(Phrase grounding data)

----

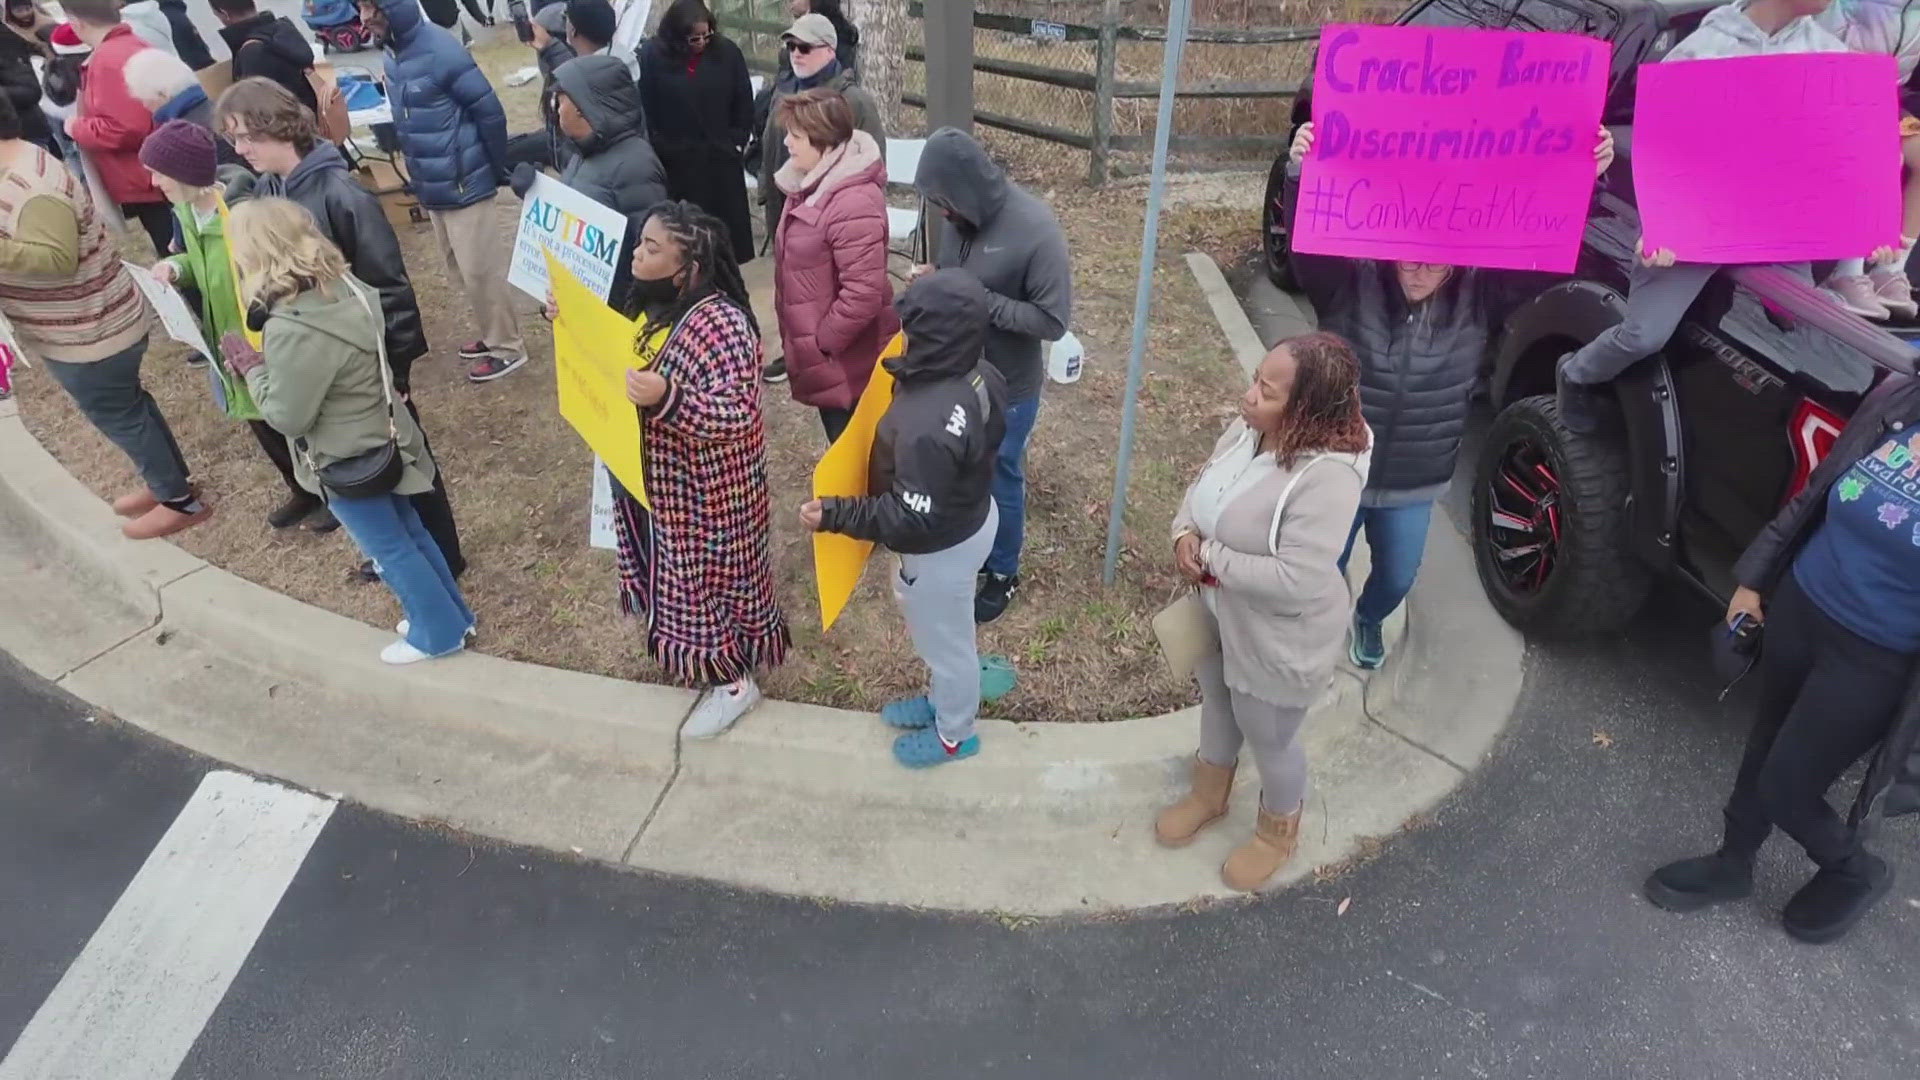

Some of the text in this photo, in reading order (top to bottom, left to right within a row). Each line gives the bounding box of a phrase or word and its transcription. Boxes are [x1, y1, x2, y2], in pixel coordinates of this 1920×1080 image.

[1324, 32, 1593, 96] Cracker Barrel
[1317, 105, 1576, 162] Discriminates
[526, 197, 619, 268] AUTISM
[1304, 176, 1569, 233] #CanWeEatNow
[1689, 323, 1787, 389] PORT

----

* _Exercise requirements_
Output all of the entries once more, word for word, with the images removed.

* _Task response_
Some of the text in this photo, in reading order (top to bottom, left to right within a row). Each line gives the bounding box of a phrase or word and its transcription. Boxes are [x1, y1, x2, y2], in pixel coordinates of this 1920×1080 image.

[1324, 32, 1593, 96] Cracker Barrel
[1317, 105, 1576, 162] Discriminates
[526, 197, 619, 268] AUTISM
[1304, 176, 1569, 233] #CanWeEatNow
[1689, 323, 1787, 389] PORT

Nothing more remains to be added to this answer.